Ainsi le Congrès Marial de Rome fut, pour l’archéologue et le fidèle serviteur de Marie, le point de départ d’une activité inlassable et d’une orientation nouvelle, car il ne se contenta plus de scruter les signes de la dévotion à la Vierge dans le passé, il s’efforça encore de faire vénérer la Sainte Mère de Dieu par ses paroissiens et les pèlerins de Carthage. Il le déclare lui-même : « Je rentrais de Rome à Carthage avec la résolution de porter plus que jamais mon attention sur toute trouvaille mariale ».

De suite, avec ardeur, il se mit au travail, et deux ans après le Congrès Marial de Rome, en 1907, paraissait son ouvrage : «Culte de la Sainte Vierge en Afrique, d’après les monuments archéologiques». 

Depuis cette date jusqu’à sa mort en 1932, le serviteur de Marie, avec patience et ténacité, tint sa promesse et enrichit chaque année la collection d’antiquités mariales qui firent l’objet d’une quinzaine de publications et de rapports aux congrès mariales de Saragosse, de Trèves, et du Puy.

La résolution prise par le Père Delattre au Congrès Marial de Rome: « de ne négliger aucun objet pouvant porter témoignage de la piété antique envers Marie » n’exprimait que la première partie de son plan d’activités. La seconde, il nous la manifeste dans l’épilogue de son livre Le culte de la Sainte Vierge : « Nous serons grandement satisfait si notre travail peut aider à atteindre ce résultat. Nous le serons davantage encore s’il contribue à faire vénérer et aimer Marie, à la faire honorer et à attirer les faveurs de sa bienveillante et maternelle protection sur Carthage et sur l’Église d’Afrique… »[2].

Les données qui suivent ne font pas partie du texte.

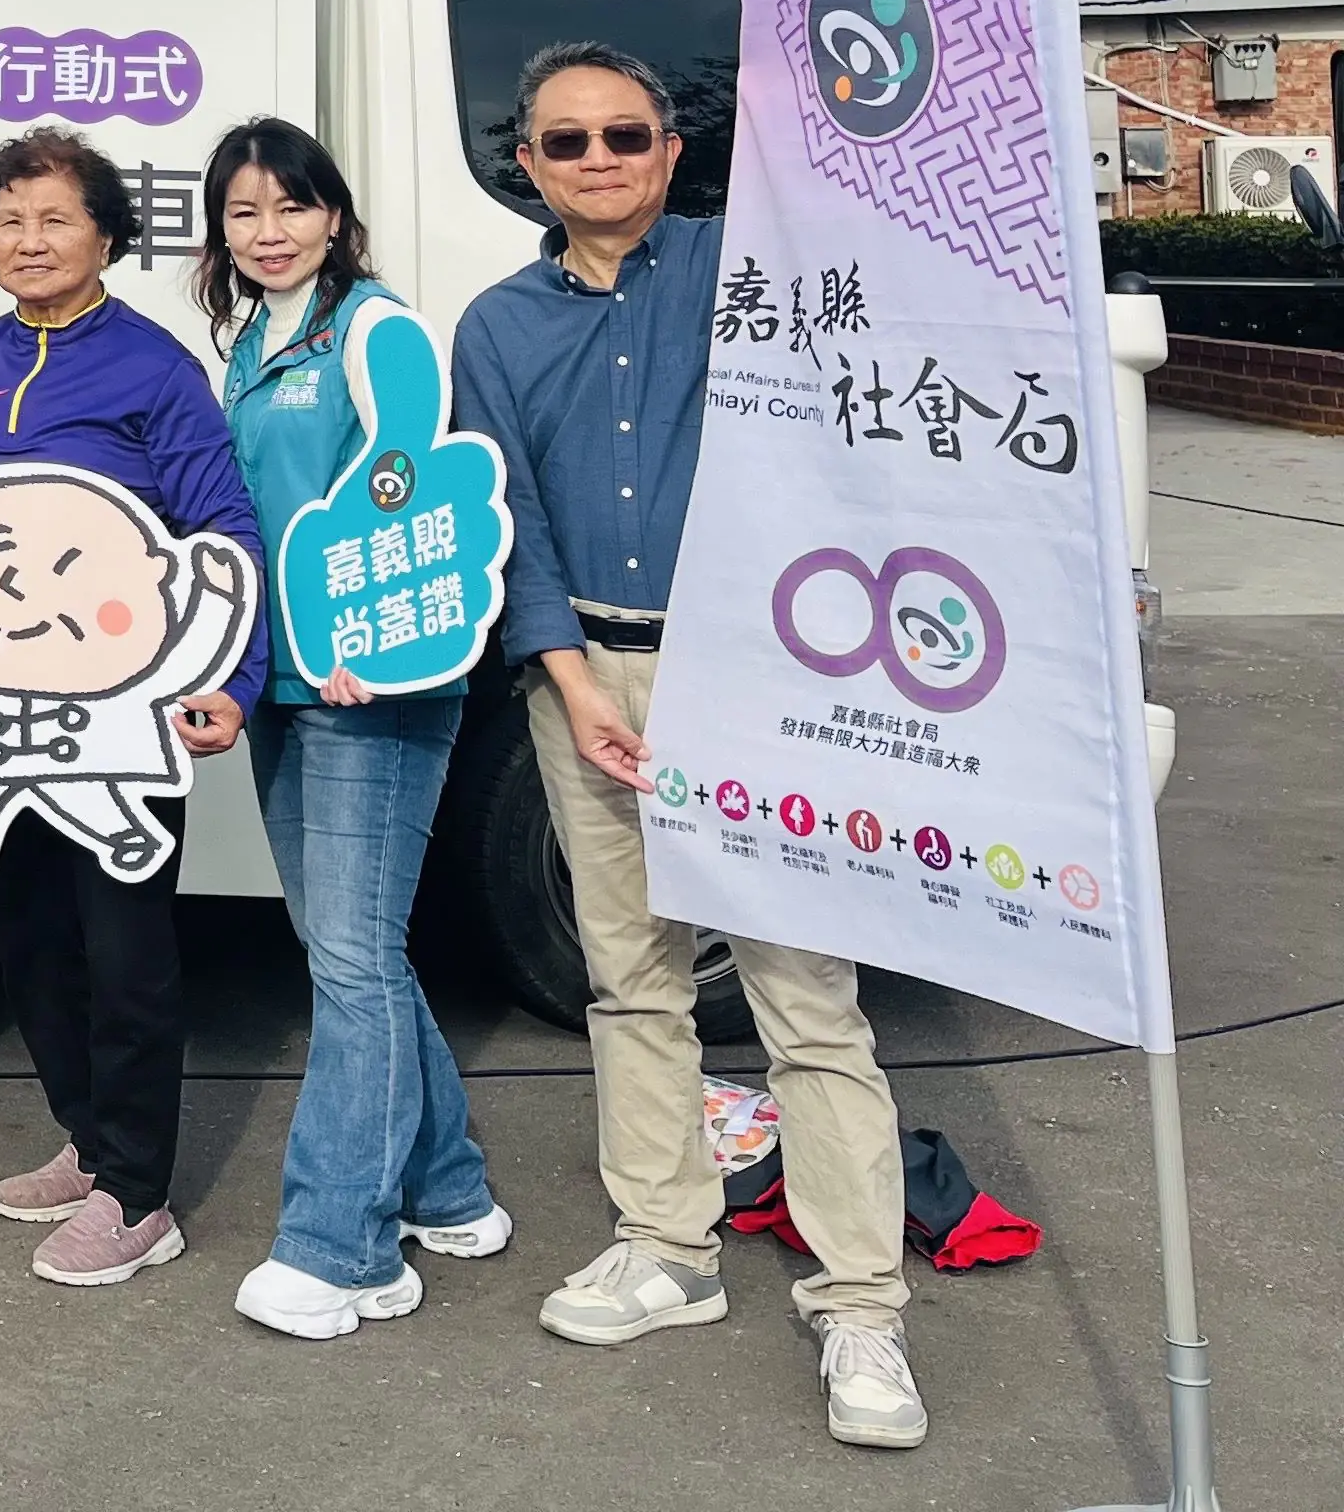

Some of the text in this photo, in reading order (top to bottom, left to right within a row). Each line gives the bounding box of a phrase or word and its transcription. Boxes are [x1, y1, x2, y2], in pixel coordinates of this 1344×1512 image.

[713, 256, 871, 371] 嘉義縣
[706, 369, 732, 380] ocial
[735, 371, 780, 388] Affairs
[768, 398, 825, 428] County
[831, 352, 1078, 475] 社會局
[323, 503, 458, 600] 嘉義縣
[330, 572, 467, 664] 尚蓋讚
[830, 704, 939, 743] 嘉義縣社會局

Et quelques pages plus loin, il nous confie que: « Déjà de nombreux ex-voto témoignent que Marie aime à exaucer les prières qui lui sont adressées par les fidèles, dans sa chapelle de la Cathédrale (de Carthage) ». Et il ajoute aussitôt, comme l’expression de son désir le plus ardent : «…ces témoignages spontanés de reconnaissance, semblent indiquer que la Sainte Vierge veut être honorée d’une façon spéciale sur cette colline de Byrsa, qui fut durant de longs siècles, à l’époque romaine comme à l’époque carthaginoise, le centre du culte des faux dieux »[3].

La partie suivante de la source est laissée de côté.